Route information
- Maintained by Concesionaria PAC, S.A. de C.V./Operadora Metropolitana de Carreteras, S. A. de C. V.
- Length: 16.5 km (10.3 mi)
- Existed: March 26, 1993–present

Major junctions
- West end: Circuito Exterior Mexiquense (western spur) at Peñón, State of Mexico
- Circuito Exterior Mexiquense east of Peñón, State of Mexico (no access from Highway 136D)
- East end: Mexico State Route 142 in Texcoco, State of Mexico

Location
- Country: Mexico
- State: México

Highway system
- Mexican Federal Highways; List; Autopistas;

= Mexican Federal Highway 136D =

Toll highway in Mexico

Federal Highway 136D is a toll highway connecting the communities of Peñón and Texcoco in the State of Mexico.
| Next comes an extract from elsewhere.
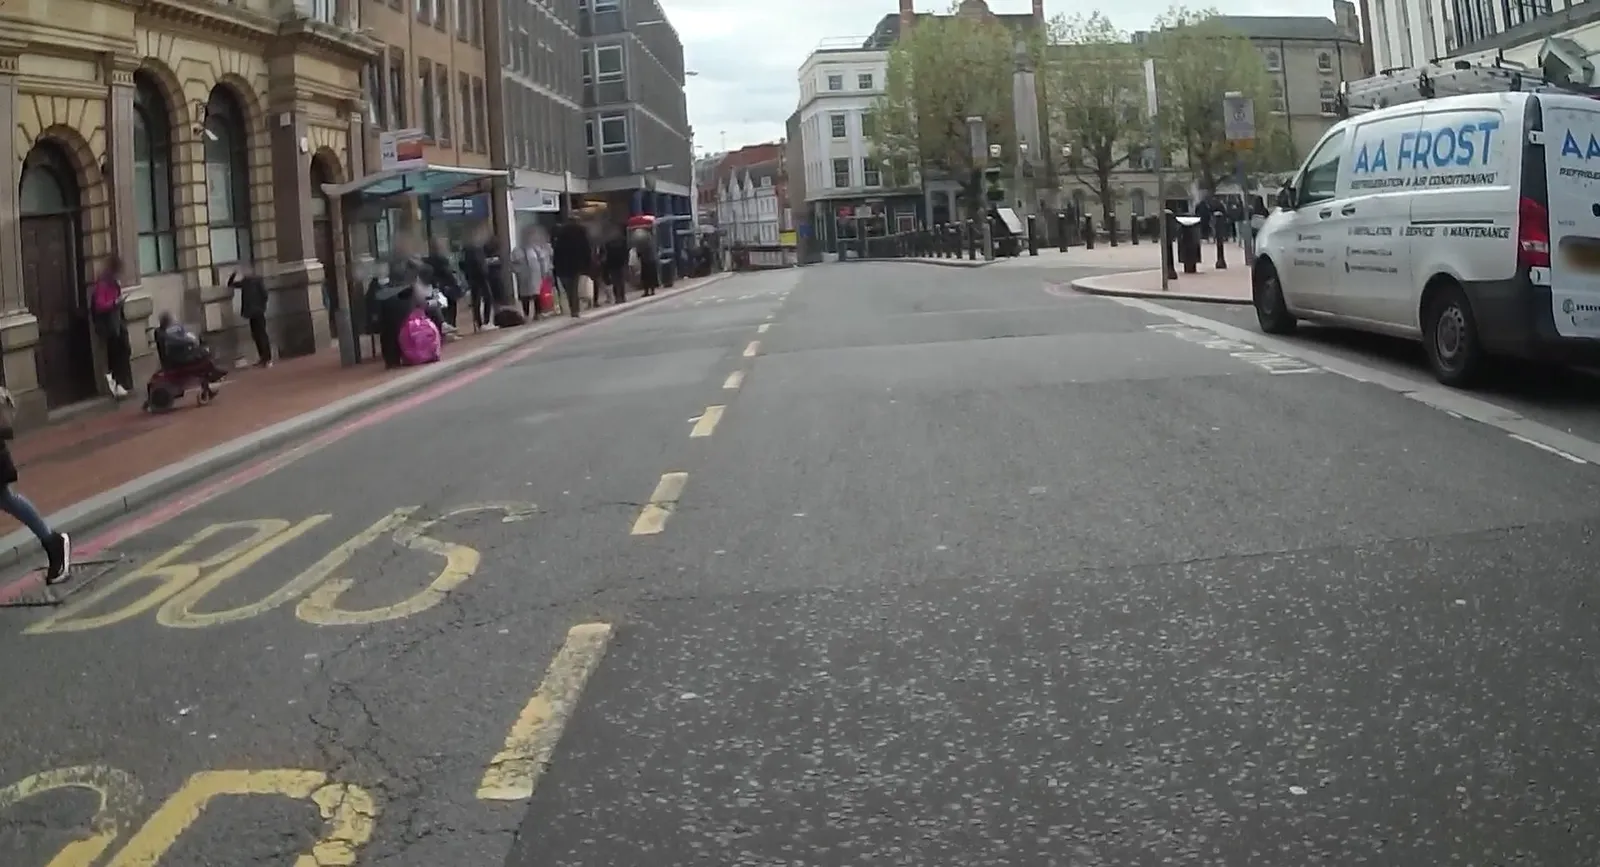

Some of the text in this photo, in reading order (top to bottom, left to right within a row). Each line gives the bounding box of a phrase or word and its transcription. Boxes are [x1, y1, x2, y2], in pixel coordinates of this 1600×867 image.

[1355, 121, 1499, 173] AA FROST
[1450, 226, 1511, 239] MAINTENANCE
[21, 501, 539, 635] BUS
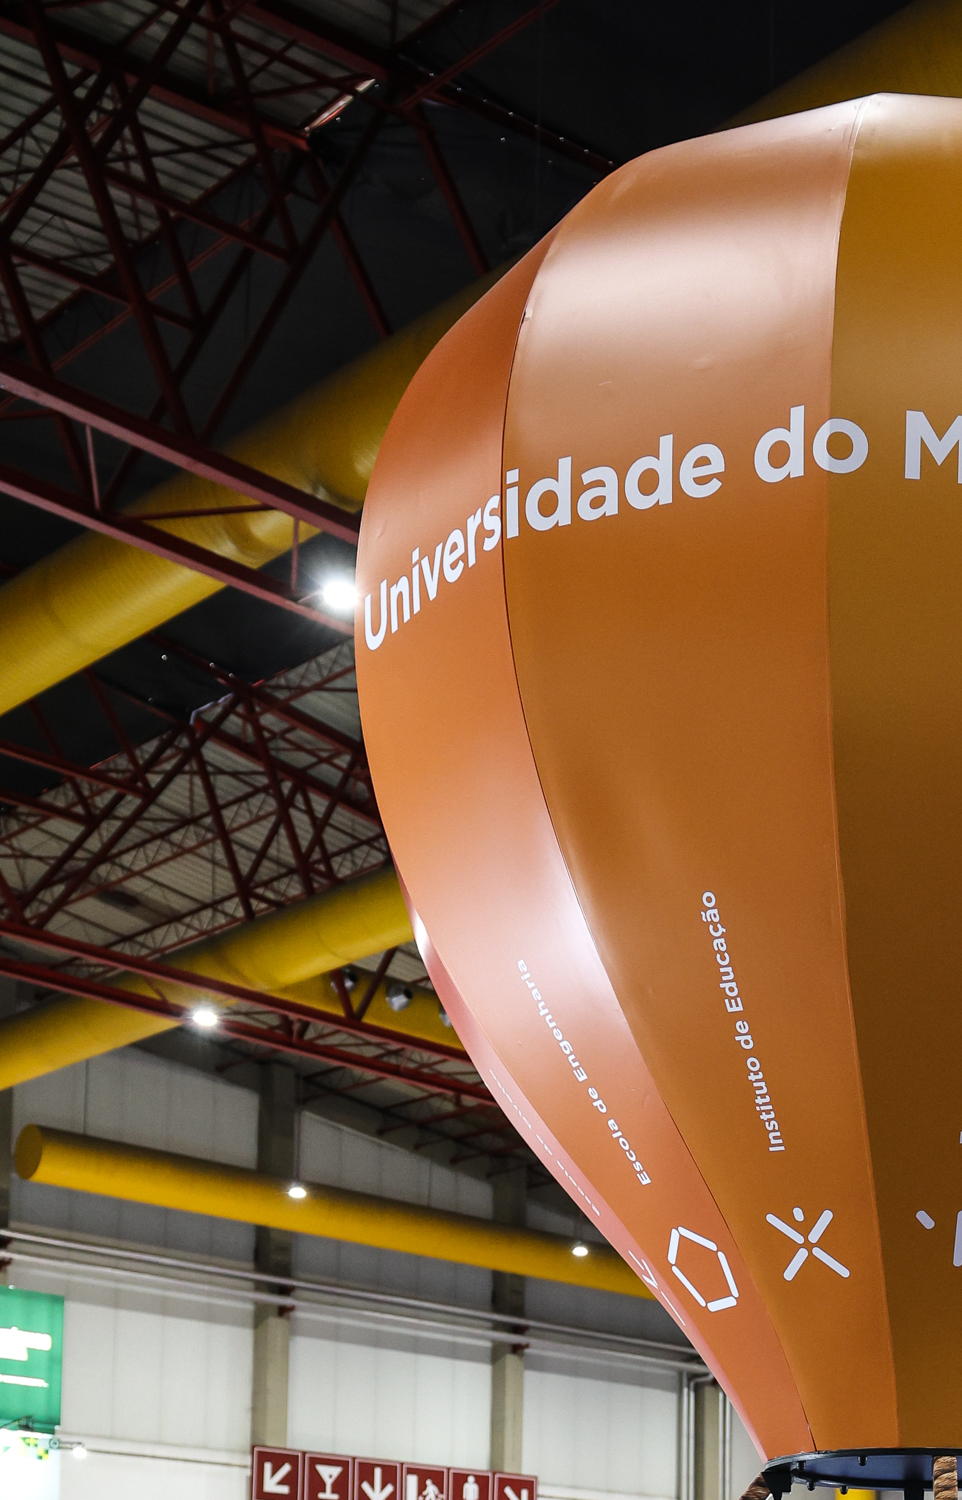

The 16.5 km road is operated by Concesionaria PAC, S.A. de C.V. and Operadora Metropolitana de Carreteras, S. A. de C. V., which charge cars 42 pesos to travel the full length of the road.

==History==
Highway 136D opened on March 26, 1993.

The road is currently four lanes but is set to be widened to ten in conjunction with the New International Airport for Mexico City project; the road will be the primary point of access to the new airport. The project includes lanes that will go directly from the Mexico City metro to the airport without having to pay a toll.